Task directions
From the line with "this 1500×1144 image." to the final line of the records, reproduce every line exactly and only those lines.
+ + + + +
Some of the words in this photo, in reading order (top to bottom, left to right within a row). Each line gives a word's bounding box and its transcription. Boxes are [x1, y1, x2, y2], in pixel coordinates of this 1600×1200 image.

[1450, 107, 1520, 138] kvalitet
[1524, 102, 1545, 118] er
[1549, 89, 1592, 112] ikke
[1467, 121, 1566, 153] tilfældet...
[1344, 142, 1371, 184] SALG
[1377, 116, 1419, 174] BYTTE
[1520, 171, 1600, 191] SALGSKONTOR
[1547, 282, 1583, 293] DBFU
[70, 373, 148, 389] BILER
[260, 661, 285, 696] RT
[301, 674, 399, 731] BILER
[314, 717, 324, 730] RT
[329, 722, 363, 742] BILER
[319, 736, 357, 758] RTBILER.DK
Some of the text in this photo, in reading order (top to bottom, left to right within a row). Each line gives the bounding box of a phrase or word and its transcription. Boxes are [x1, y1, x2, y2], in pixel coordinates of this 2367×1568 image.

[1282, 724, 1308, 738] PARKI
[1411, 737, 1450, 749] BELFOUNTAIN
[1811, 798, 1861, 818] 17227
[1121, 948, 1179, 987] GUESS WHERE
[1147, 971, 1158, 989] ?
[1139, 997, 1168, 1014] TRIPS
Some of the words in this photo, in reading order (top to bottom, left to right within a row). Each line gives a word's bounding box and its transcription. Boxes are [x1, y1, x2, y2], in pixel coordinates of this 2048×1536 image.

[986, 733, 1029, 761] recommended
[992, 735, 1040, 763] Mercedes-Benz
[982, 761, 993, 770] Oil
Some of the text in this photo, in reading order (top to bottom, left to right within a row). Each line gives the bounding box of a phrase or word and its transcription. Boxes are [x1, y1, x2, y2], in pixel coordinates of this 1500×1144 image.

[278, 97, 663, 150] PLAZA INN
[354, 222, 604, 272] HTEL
+ + + + +
Result for this exercise
Some of the text in this photo, in reading order (top to bottom, left to right within a row). Each line gives the bounding box of a phrase or word and its transcription. Boxes are [x1, y1, x2, y2], in pixel coordinates of this 1500×1144 image.

[278, 97, 663, 150] PLAZA INN
[354, 222, 604, 272] HTEL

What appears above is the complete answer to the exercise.